Spatial localization data
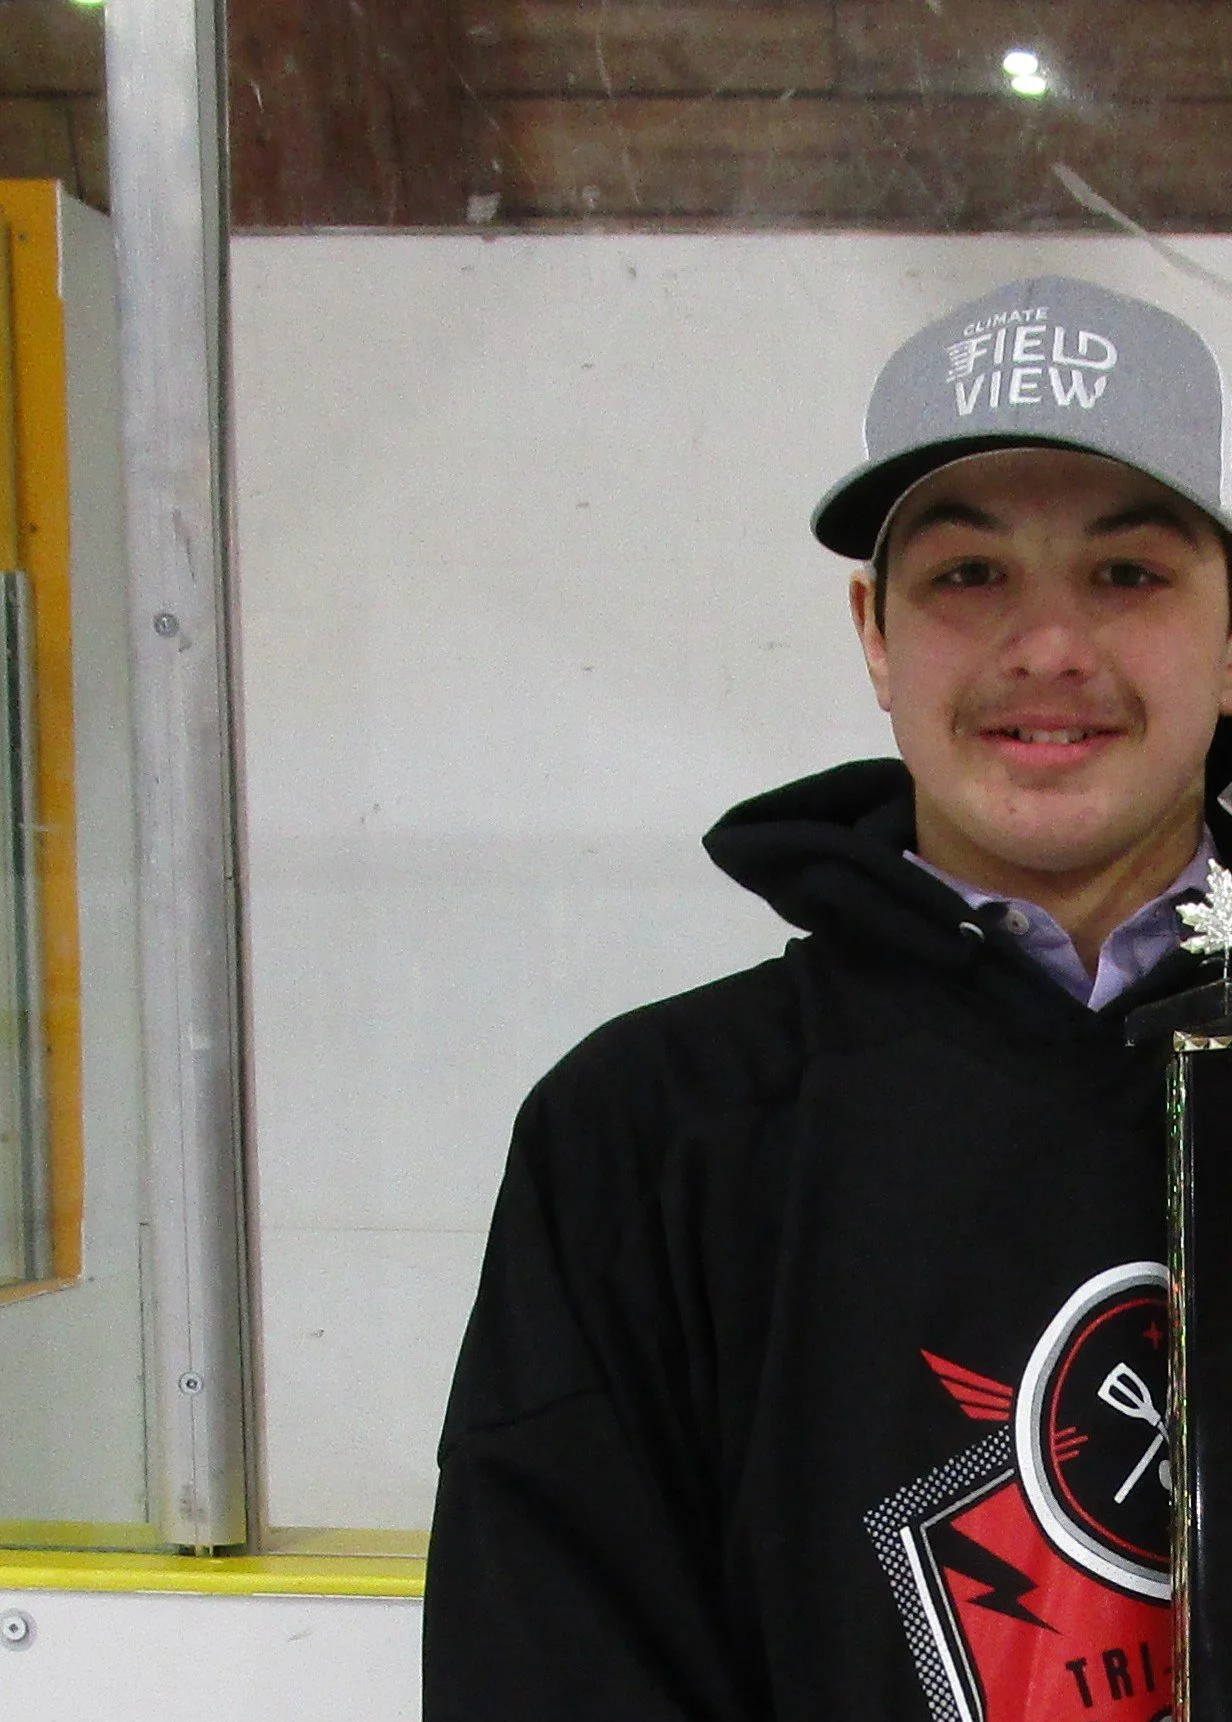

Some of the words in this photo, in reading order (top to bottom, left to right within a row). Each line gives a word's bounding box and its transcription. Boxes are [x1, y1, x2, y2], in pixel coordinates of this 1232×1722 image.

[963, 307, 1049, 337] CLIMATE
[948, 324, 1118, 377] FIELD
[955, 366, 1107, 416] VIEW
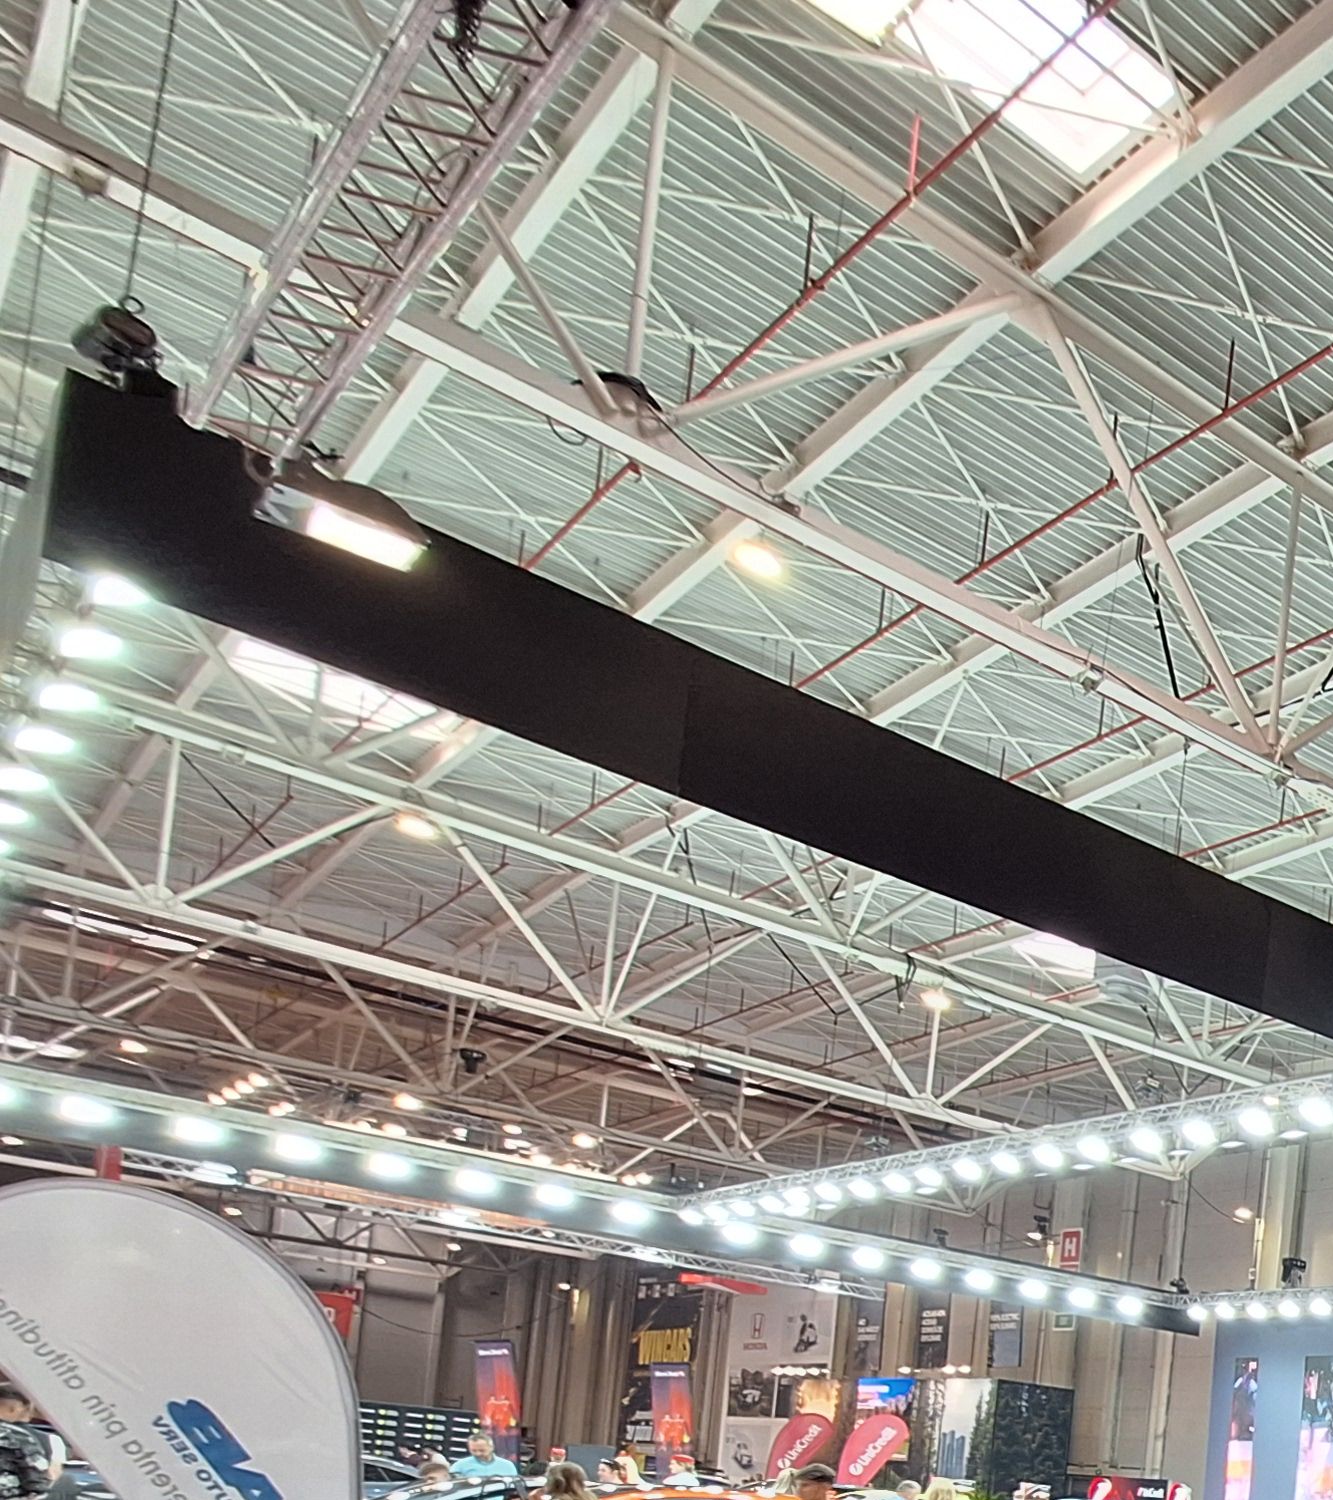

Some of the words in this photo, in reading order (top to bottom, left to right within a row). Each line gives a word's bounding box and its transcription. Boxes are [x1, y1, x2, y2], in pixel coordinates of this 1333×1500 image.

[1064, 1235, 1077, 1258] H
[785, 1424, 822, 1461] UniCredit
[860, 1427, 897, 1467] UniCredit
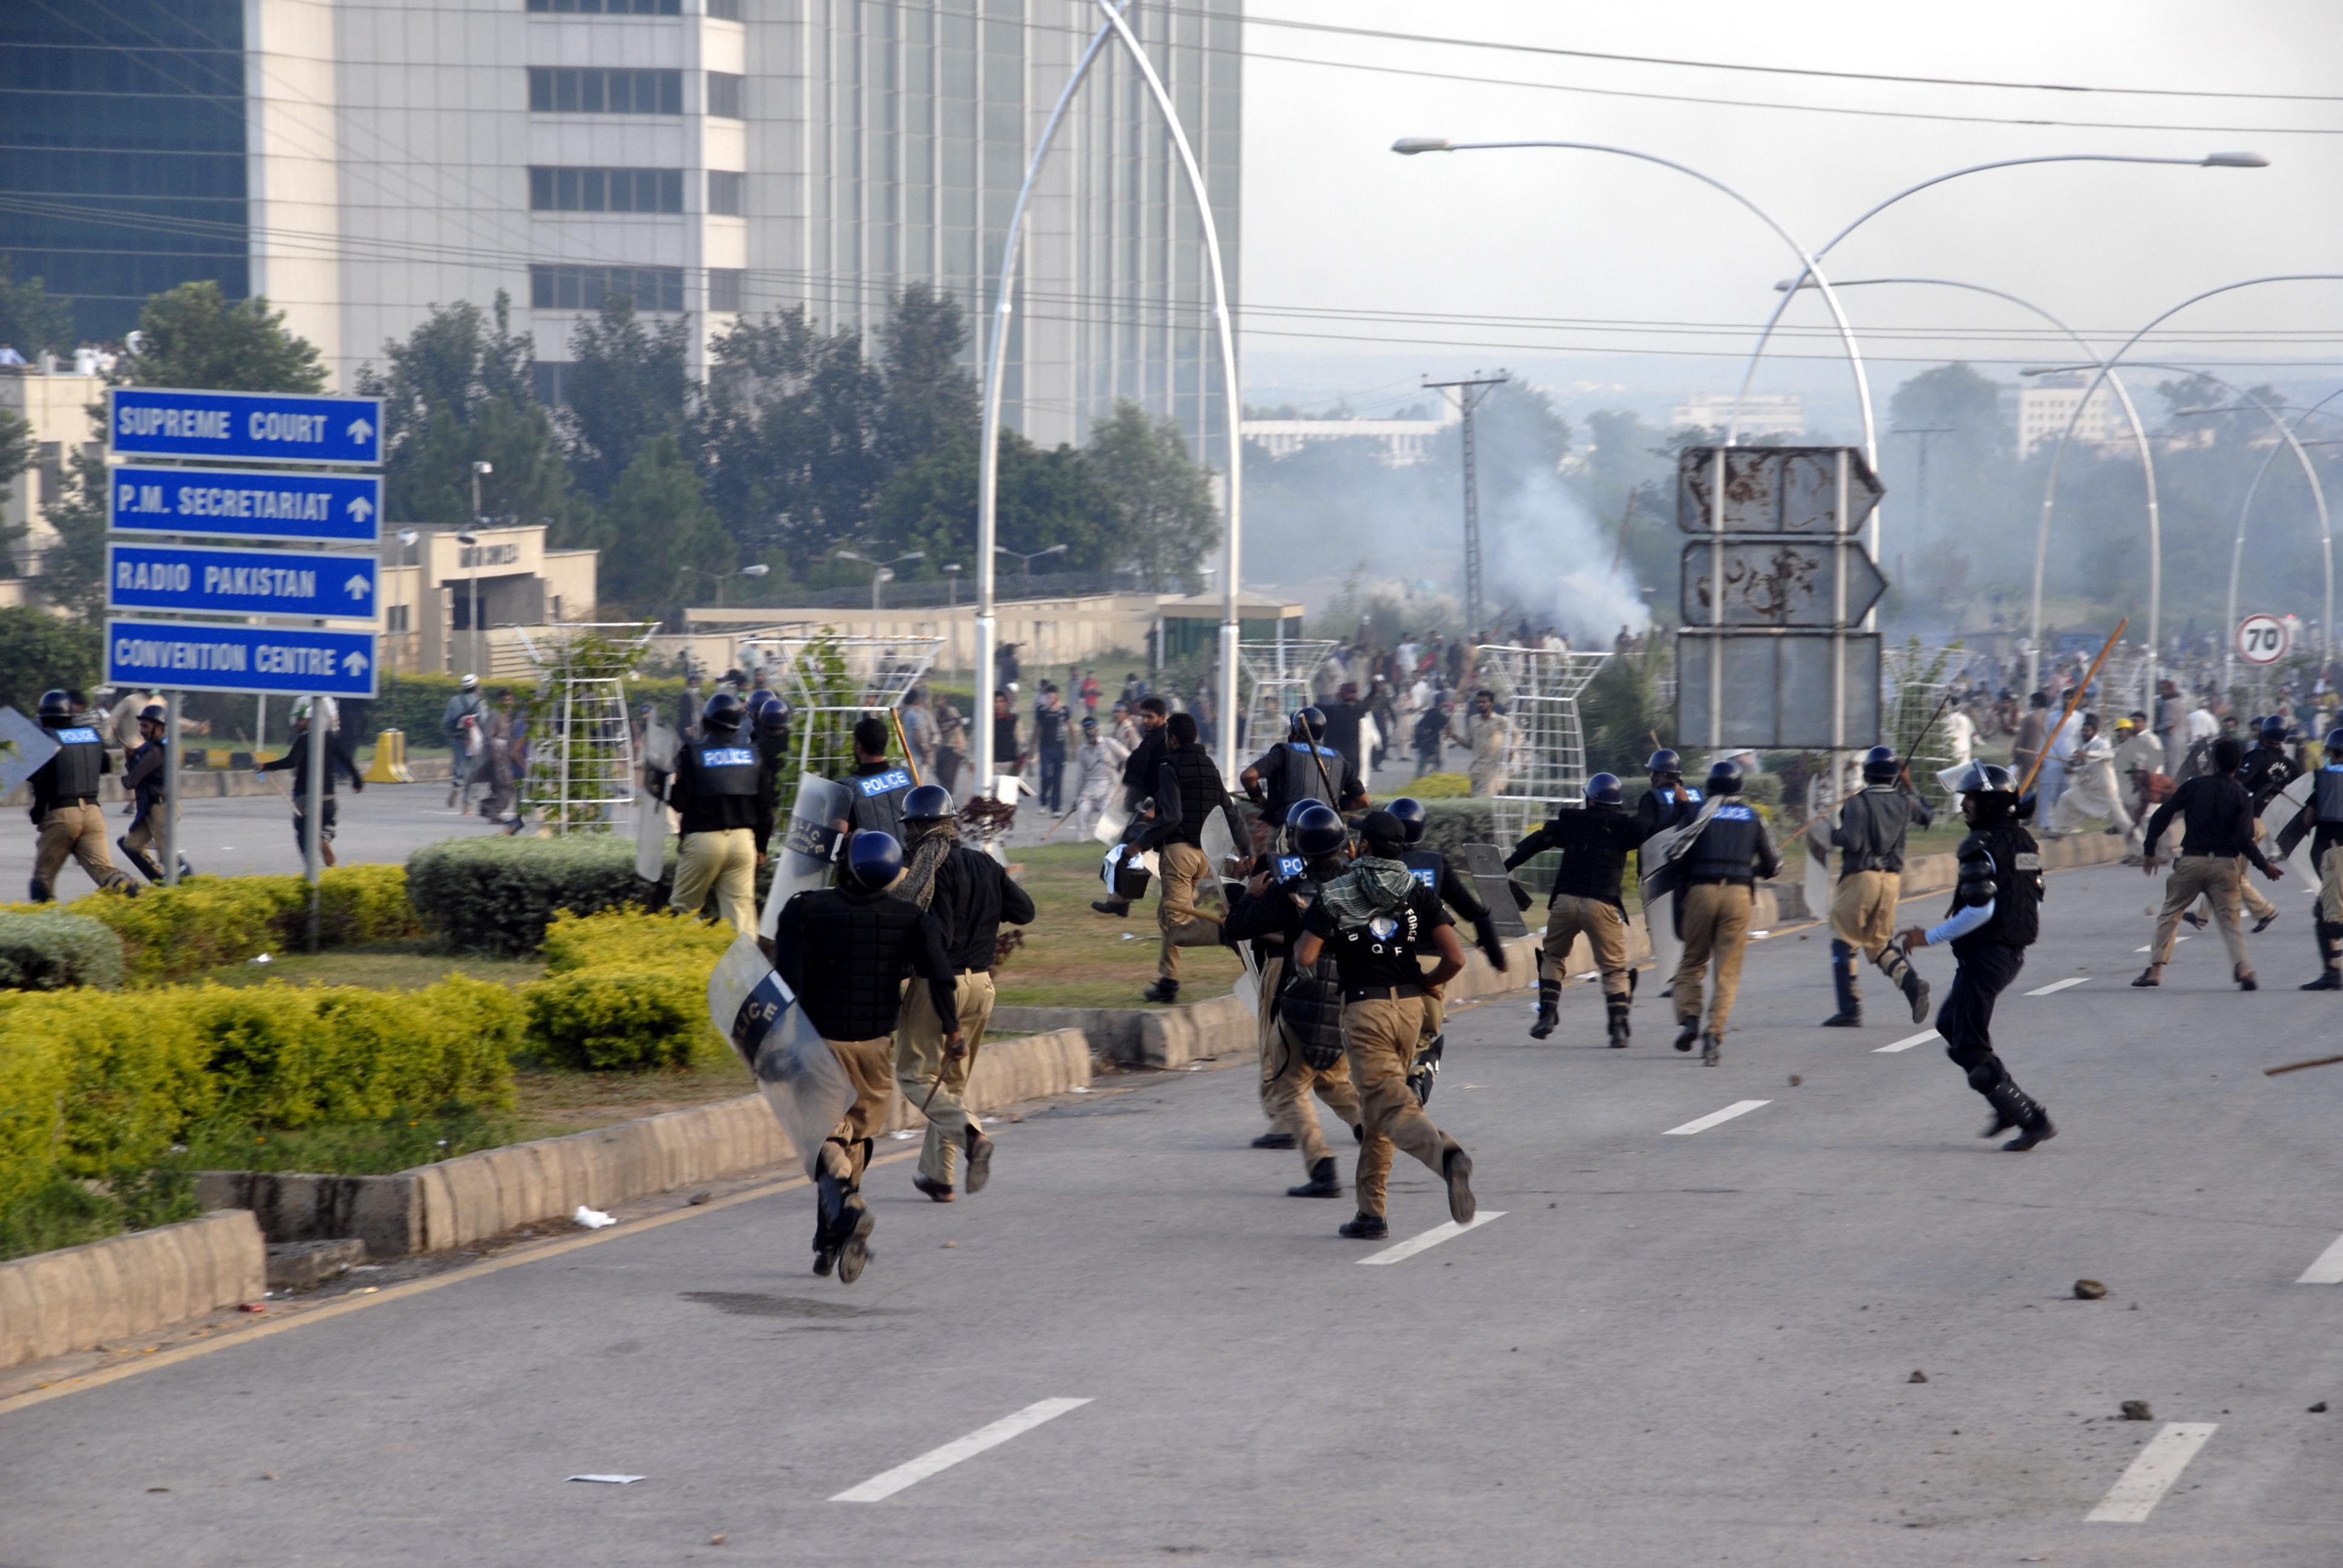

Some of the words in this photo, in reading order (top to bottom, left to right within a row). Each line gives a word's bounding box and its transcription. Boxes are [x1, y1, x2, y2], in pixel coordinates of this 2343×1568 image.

Work item –
Your task is to repeat the entries above exactly, omitting the pictures.

Result –
Some of the words in this photo, in reading order (top to bottom, left to right within a row). Each line gives a word's bounding box and its transcription. Boxes are [x1, y1, x2, y2], in pixel coordinates of this 1232×1722 image.

[963, 307, 1049, 337] CLIMATE
[948, 324, 1118, 377] FIELD
[955, 366, 1107, 416] VIEW

Some of the words in this photo, in reading order (top to bottom, left to right within a row). Each line gives a word's bounding box and its transcription. Boxes are [x1, y1, x2, y2], in pixel coordinates of this 1333×1500 image.

[1064, 1235, 1077, 1258] H
[785, 1424, 822, 1461] UniCredit
[860, 1427, 897, 1467] UniCredit

Some of the words in this photo, in reading order (top to bottom, left to right within a row). Each line gives a word's bounding box and its transcription. Boxes are [x1, y1, x2, y2], in pixel coordinates of this 2343×1568 image.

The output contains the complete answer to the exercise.